(Beginning of Data for the task)

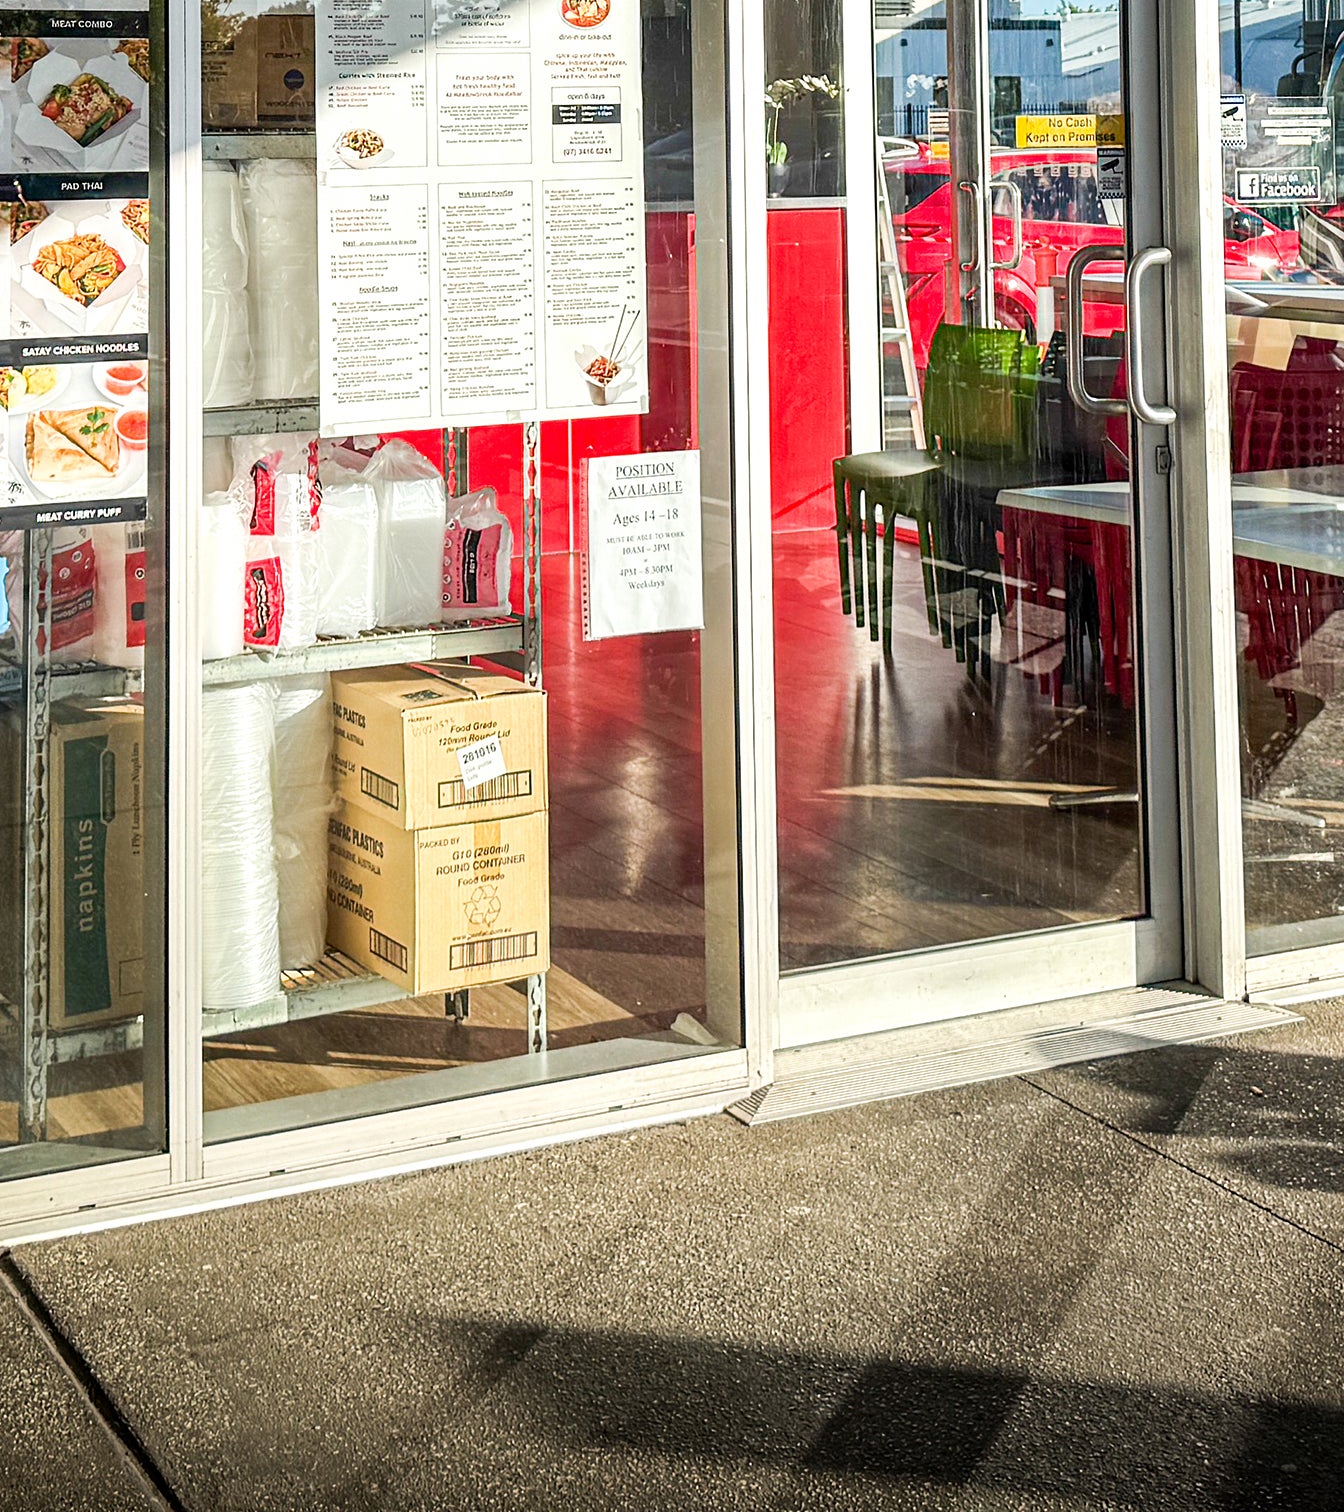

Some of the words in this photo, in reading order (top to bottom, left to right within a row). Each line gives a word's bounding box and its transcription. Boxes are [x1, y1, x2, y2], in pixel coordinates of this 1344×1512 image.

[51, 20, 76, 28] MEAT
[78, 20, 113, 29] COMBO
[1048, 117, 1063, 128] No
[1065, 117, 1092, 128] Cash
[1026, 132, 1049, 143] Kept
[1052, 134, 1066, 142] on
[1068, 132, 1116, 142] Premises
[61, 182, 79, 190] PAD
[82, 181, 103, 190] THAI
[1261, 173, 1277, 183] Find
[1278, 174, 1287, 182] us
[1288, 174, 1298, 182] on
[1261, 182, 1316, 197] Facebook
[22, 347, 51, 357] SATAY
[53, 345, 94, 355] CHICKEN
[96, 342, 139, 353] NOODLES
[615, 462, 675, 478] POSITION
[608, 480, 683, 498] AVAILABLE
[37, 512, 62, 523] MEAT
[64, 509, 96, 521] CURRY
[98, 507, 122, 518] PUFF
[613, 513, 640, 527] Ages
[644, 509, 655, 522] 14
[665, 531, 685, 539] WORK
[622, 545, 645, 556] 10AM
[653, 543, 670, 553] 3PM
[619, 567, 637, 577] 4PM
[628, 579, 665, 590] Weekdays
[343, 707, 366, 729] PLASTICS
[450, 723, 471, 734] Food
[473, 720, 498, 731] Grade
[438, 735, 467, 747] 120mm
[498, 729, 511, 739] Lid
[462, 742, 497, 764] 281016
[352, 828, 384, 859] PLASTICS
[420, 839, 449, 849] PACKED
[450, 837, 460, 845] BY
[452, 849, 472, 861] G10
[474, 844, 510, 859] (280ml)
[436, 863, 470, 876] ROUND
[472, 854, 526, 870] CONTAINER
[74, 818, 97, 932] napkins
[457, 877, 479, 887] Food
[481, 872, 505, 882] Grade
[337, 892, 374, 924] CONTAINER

(End of Data for the task)

Work order = Restate the records above exactly, less any pictures.

Task response =
Some of the words in this photo, in reading order (top to bottom, left to right within a row). Each line gives a word's bounding box and its transcription. Boxes are [x1, y1, x2, y2], in pixel coordinates of this 1344×1512 image.

[51, 20, 76, 28] MEAT
[78, 20, 113, 29] COMBO
[1048, 117, 1063, 128] No
[1065, 117, 1092, 128] Cash
[1026, 132, 1049, 143] Kept
[1052, 134, 1066, 142] on
[1068, 132, 1116, 142] Premises
[61, 182, 79, 190] PAD
[82, 181, 103, 190] THAI
[1261, 173, 1277, 183] Find
[1278, 174, 1287, 182] us
[1288, 174, 1298, 182] on
[1261, 182, 1316, 197] Facebook
[22, 347, 51, 357] SATAY
[53, 345, 94, 355] CHICKEN
[96, 342, 139, 353] NOODLES
[615, 462, 675, 478] POSITION
[608, 480, 683, 498] AVAILABLE
[37, 512, 62, 523] MEAT
[64, 509, 96, 521] CURRY
[98, 507, 122, 518] PUFF
[613, 513, 640, 527] Ages
[644, 509, 655, 522] 14
[665, 531, 685, 539] WORK
[622, 545, 645, 556] 10AM
[653, 543, 670, 553] 3PM
[619, 567, 637, 577] 4PM
[628, 579, 665, 590] Weekdays
[343, 707, 366, 729] PLASTICS
[450, 723, 471, 734] Food
[473, 720, 498, 731] Grade
[438, 735, 467, 747] 120mm
[498, 729, 511, 739] Lid
[462, 742, 497, 764] 281016
[352, 828, 384, 859] PLASTICS
[420, 839, 449, 849] PACKED
[450, 837, 460, 845] BY
[452, 849, 472, 861] G10
[474, 844, 510, 859] (280ml)
[436, 863, 470, 876] ROUND
[472, 854, 526, 870] CONTAINER
[74, 818, 97, 932] napkins
[457, 877, 479, 887] Food
[481, 872, 505, 882] Grade
[337, 892, 374, 924] CONTAINER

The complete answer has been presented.